Mansoureh Togha et al. Ann Indian Acad Neurol.

Abstract

Objectives: Electrocardiographic (ECG) changes are reported frequently after acute strokes. It seems that cardiovascular effects of strokes are modulated by concomitant or pre-existent cardiac diseases, and are also related to the type of cerebrovascular disease and its localization. We aimed to determine the pattern of ECG changes associated with pathophysiologic categories of acute stroke among patients with/without cardiovascular disease and to determine if specific ECG changes are related to the location of the lesion.

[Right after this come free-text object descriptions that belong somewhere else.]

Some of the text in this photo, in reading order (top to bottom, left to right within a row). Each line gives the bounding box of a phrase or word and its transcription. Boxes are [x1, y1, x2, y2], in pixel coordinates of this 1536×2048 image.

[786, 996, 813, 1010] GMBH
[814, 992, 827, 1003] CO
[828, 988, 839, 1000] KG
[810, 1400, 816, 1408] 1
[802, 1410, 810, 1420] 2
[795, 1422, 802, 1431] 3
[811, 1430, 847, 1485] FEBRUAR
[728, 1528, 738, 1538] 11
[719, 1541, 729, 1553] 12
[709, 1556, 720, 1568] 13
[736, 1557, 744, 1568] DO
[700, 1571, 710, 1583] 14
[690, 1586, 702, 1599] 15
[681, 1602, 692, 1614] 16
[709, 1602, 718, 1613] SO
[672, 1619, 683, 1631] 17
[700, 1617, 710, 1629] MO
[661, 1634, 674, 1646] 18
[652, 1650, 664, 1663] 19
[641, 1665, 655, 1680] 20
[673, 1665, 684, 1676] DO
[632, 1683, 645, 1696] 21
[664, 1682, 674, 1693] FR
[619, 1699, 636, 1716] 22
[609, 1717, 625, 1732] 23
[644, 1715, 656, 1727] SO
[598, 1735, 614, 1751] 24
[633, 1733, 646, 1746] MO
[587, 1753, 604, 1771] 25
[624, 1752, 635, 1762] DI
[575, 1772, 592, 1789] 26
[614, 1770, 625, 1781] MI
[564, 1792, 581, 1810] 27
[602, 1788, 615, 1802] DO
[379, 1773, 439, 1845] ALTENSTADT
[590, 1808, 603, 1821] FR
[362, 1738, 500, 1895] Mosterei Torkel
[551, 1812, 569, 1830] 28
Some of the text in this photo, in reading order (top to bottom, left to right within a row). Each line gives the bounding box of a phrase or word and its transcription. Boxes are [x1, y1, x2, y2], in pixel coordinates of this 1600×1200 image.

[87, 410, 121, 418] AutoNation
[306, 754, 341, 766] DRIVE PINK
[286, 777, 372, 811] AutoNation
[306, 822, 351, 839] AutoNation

Materials and methods: The electrocardiographic records of 361 patients with acute stroke were studied to assess the relative frequencies of ECG abnormalities among the pathophysiologic categories of stroke.

Results: In the present study, the most common ECG abnormalities associated with stroke were T-wave abnormalities, prolonged QTc interval and arrhythmias, which were respectively found in 39.9%, 32.4%, and 27.1% of the stroke patients and 28.9%, 30.7%, and 16.2 of the patients with no primary cardiac disease. We observed that other ECG changes comprising pathologic Q- wave, ST-segment depression, ST-segment elevation, and prominent U wave may also occur in selected or non-selected stroke patients; thereby simulate an acute myocardial injury. We observed an increased number of patients with abnormal T-wave and posterior fossa bleedings and more rhythm disturbances for ischemic lesions, localized in the anterior fossa.

Conclusion: Ischemia-like ECG changes and arrhythmias are frequently seen in stroke patients, even in those with no history or signs of primary heart disease, which support a central nervous system origin of these ECG abnormalities. Further study is necessary to better define the brain-heart interaction.

Keywords: Cardiac; cerebrovascular attack; electrocardiography.